Ciclo menstrual y ligamento cruzado anterior

Actualmente la mayor implicación de la mujer en el mundo del deporte da la posibilidad de un amplio abanico de lesiones que, hasta día de hoy, no se han estudiado cuidadosamente todos los factores que pueden contribuir.

Por esta razón, es importante remarcar que hay diferencias específicas de género en los diferentes tipos de lesiones durante las actividades deportivas. Una de ellas, es la variación de los niveles de las hormonas sexuales del ciclo menstrual (CM).

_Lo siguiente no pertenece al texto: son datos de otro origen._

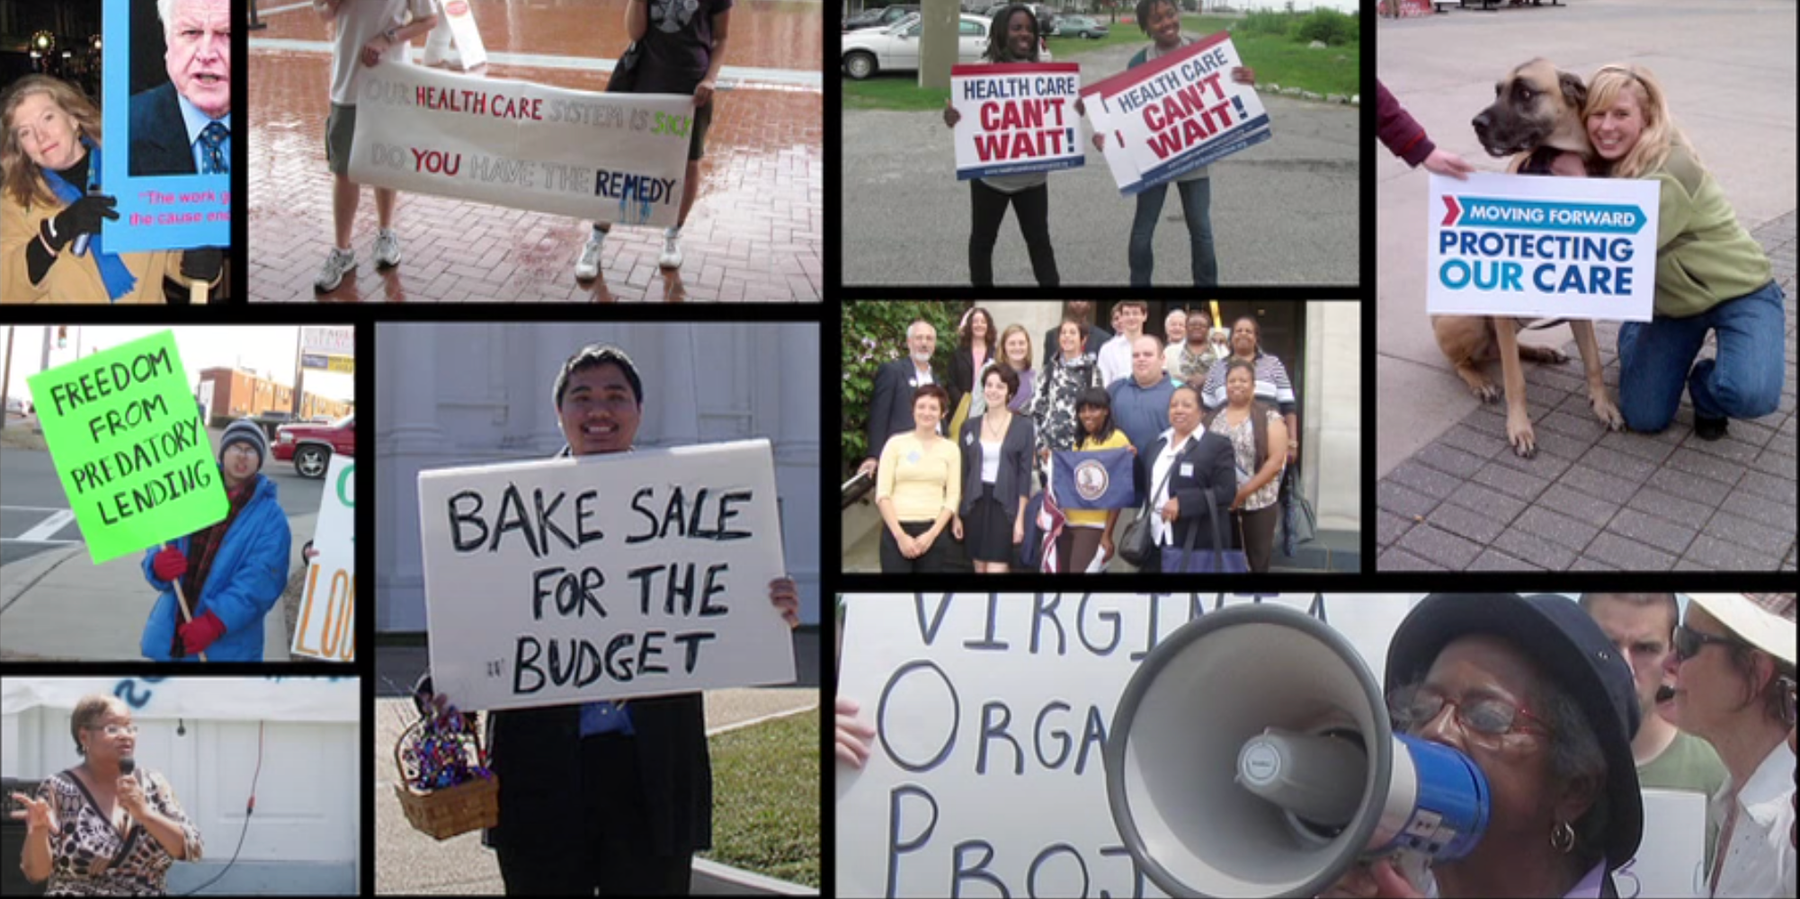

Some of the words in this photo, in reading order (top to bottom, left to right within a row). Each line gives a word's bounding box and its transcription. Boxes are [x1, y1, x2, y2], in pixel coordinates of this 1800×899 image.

[363, 77, 412, 106] OUR
[416, 85, 486, 114] HEALTH
[491, 94, 543, 121] CARE
[549, 100, 623, 128] SYSTEM
[628, 107, 649, 131] IS
[963, 77, 1030, 100] HEALTH
[1035, 76, 1076, 96] CARE
[1118, 70, 1180, 114] HEALTH
[1180, 47, 1229, 81] CARE
[1142, 72, 1225, 132] CAN'T
[980, 98, 1066, 131] CAN'T
[1146, 94, 1249, 160] WAIT!
[973, 127, 1075, 162] WAIT!
[179, 189, 215, 204] work
[370, 142, 406, 173] DO
[411, 147, 461, 178] YOU
[470, 155, 536, 188] HAVE
[542, 161, 591, 194] THE
[594, 169, 677, 206] REMEDY
[129, 212, 153, 226] the
[158, 211, 203, 225] cause
[1469, 204, 1544, 222] MOVING
[1549, 208, 1636, 227] FORWARD
[1439, 231, 1635, 262] PROTECTING
[1439, 259, 1524, 292] OUR
[1533, 263, 1634, 296] CARE
[50, 346, 174, 417] FREEDOM
[88, 393, 169, 444] FROM
[70, 415, 201, 494] PREDATORY
[97, 459, 211, 526] LENDING
[448, 481, 604, 557] BAKE
[625, 486, 753, 544] SALE
[533, 566, 608, 621] FOR
[627, 564, 729, 617] THE
[912, 593, 1328, 661] VIRGI
[513, 631, 716, 695] BUDGET
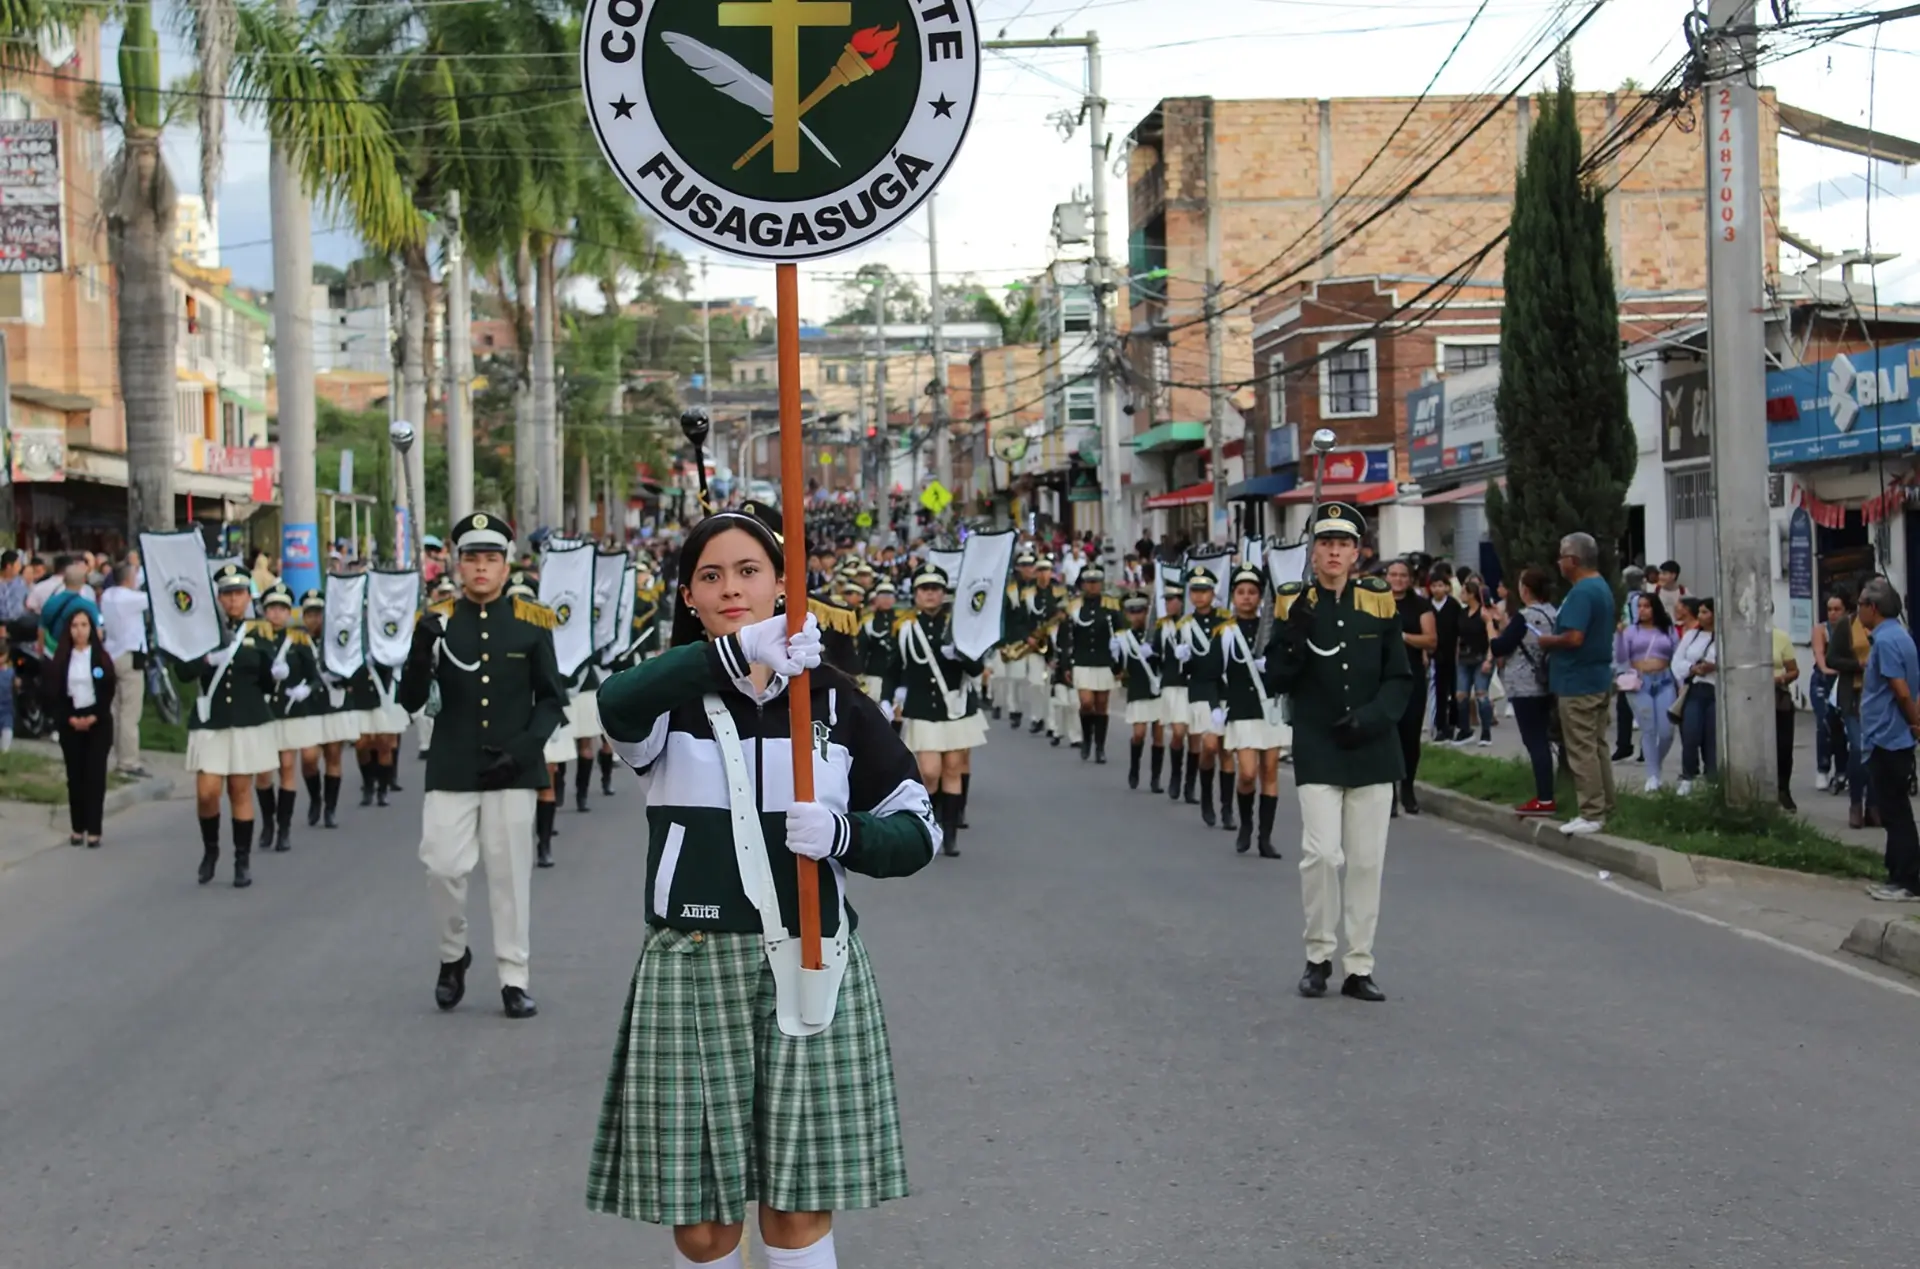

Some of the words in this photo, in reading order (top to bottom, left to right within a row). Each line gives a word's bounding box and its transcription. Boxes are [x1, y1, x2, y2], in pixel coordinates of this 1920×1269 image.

[637, 148, 934, 247] FUSAGASUGÁ
[1718, 88, 1736, 242] 27487003
[680, 904, 720, 919] Anita
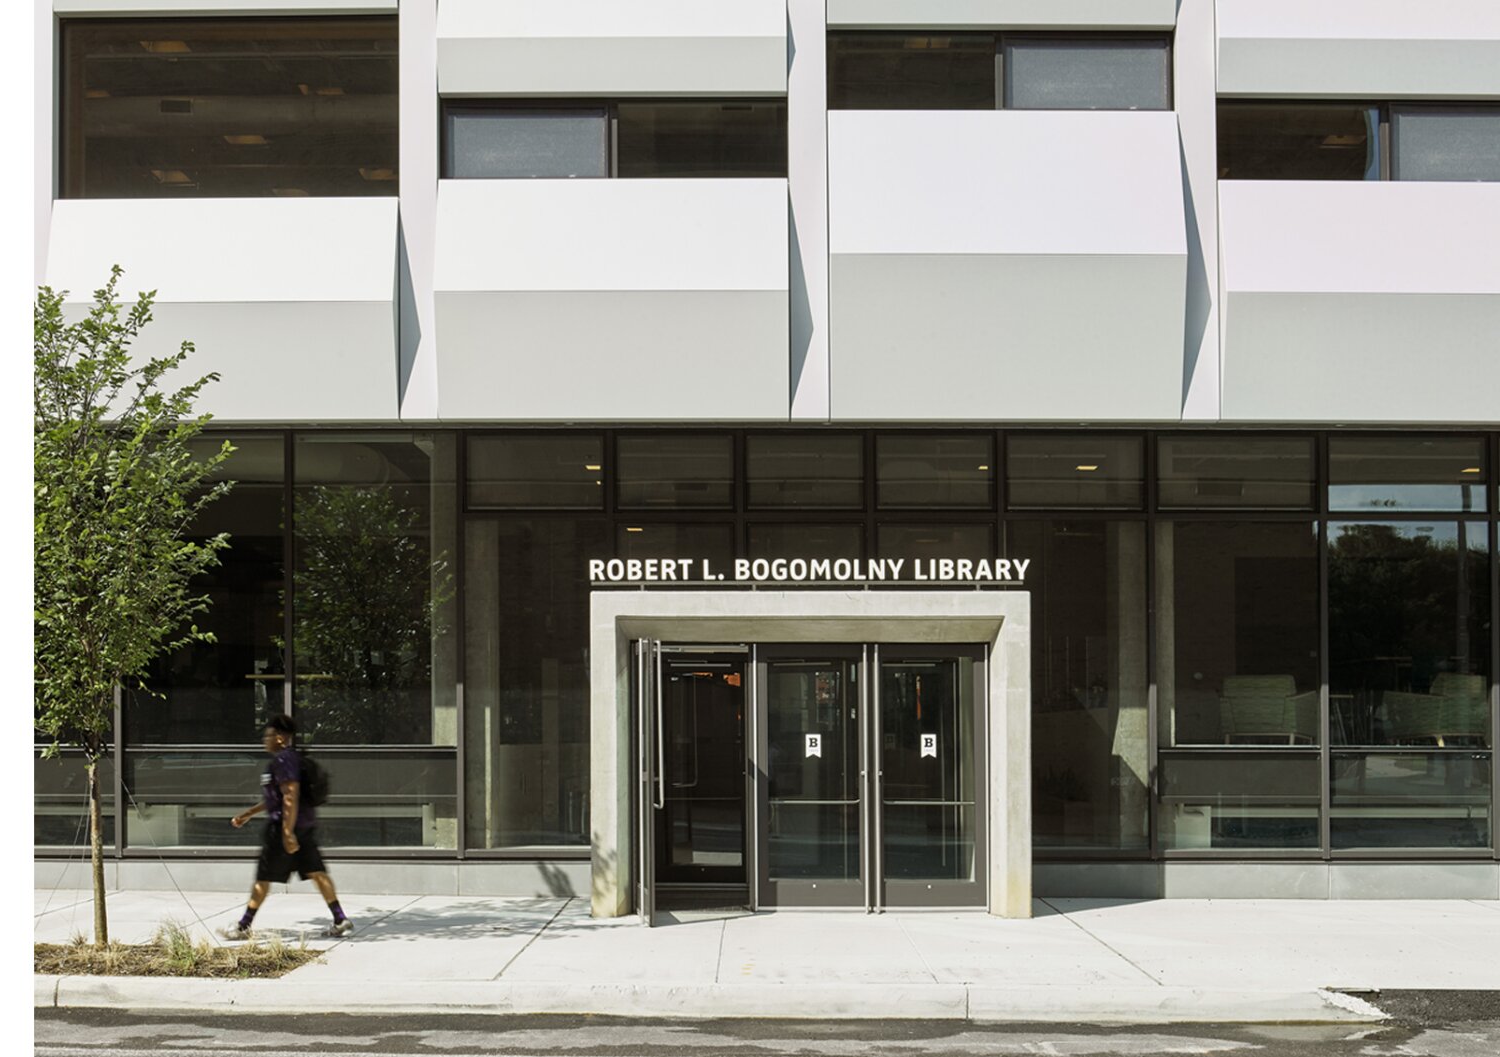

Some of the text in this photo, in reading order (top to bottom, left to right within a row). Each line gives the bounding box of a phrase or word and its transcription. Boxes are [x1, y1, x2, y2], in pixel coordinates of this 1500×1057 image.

El CM genera una variación de la concentración de las hormonas sexuales femeninas, que principalmente son los estrógenos y progesterona, produciendo una serie de cambios físicos, fisiológicos y emocionales que afectan directamente al rendimiento deportivo de las mujeres deportistas.

 

Esta revisión sistemática de Vivek Balachandar y colaboradores (2017) estudia los efectos del CM en la biomecánica de la extremidad inferior, el control neuromuscular y el riesgo de lesión del ligamento cruzado anterior (LCA).

 

Corroboran que el riesgo de dicha lesión es de 4-6 veces mayor en mujeres deportistas que en hombres practicando los mismos deportes y que uno de los factores que pueden ser determinantes es la relación que tiene el CM con el sistema neuro-músculo – esquelético.

 

Los estrógenos y la progesterona son dos hormonas que tienen un papel muy importante en el CM. Los niveles de estas, van variando durante las distintas etapas del ciclo y se observa que afectan las propiedades mecánicas de los ligamentos.


El LCA está compuesto por fibras de colágeno que se encargan de hacerlo más fuerte, integrado y capacitado para soportar altas cargas de actividad deportiva.


No obstante, la presencia de receptores de estrógenos en el LCA, reducen la síntesis de colágeno de tipo 1 de dicho ligamento. Este estudio indica que la reducción de la síntesis de colágeno en el LCA coincide con la fase pre-ovulatoria, debido a un incremento de la concentración de estrógenos.

 

Así mismo, Vivek Balachandar demuestra que 17 estudios investigaron los efectos del CM en la biomecánica y el control neuromuscular de la extremidad inferior durante los cambios de dirección  y la velocidad de reacción de contacto contra el suelo (Drop Jump) y, aquellas atletas que coinciden con la fase pre-ovulatoria teniendo mayor laxitud articular, presentan mayores patrones neuromusculares lesivos del LCA, como un mayor valgo dinámico de rodilla, mayor rotación externa de la tibia o una abducción de cadera.



Referència: Balachandar V, Marciniak JL, Wall O, Balachandar C. Effects of the menstrual cycle on lower-limb biomechanics, neuromuscular control, and anterior cruciate ligament injury risk: A systematic review. Muscles Ligaments Tendons J. 2017;7(1):136-46.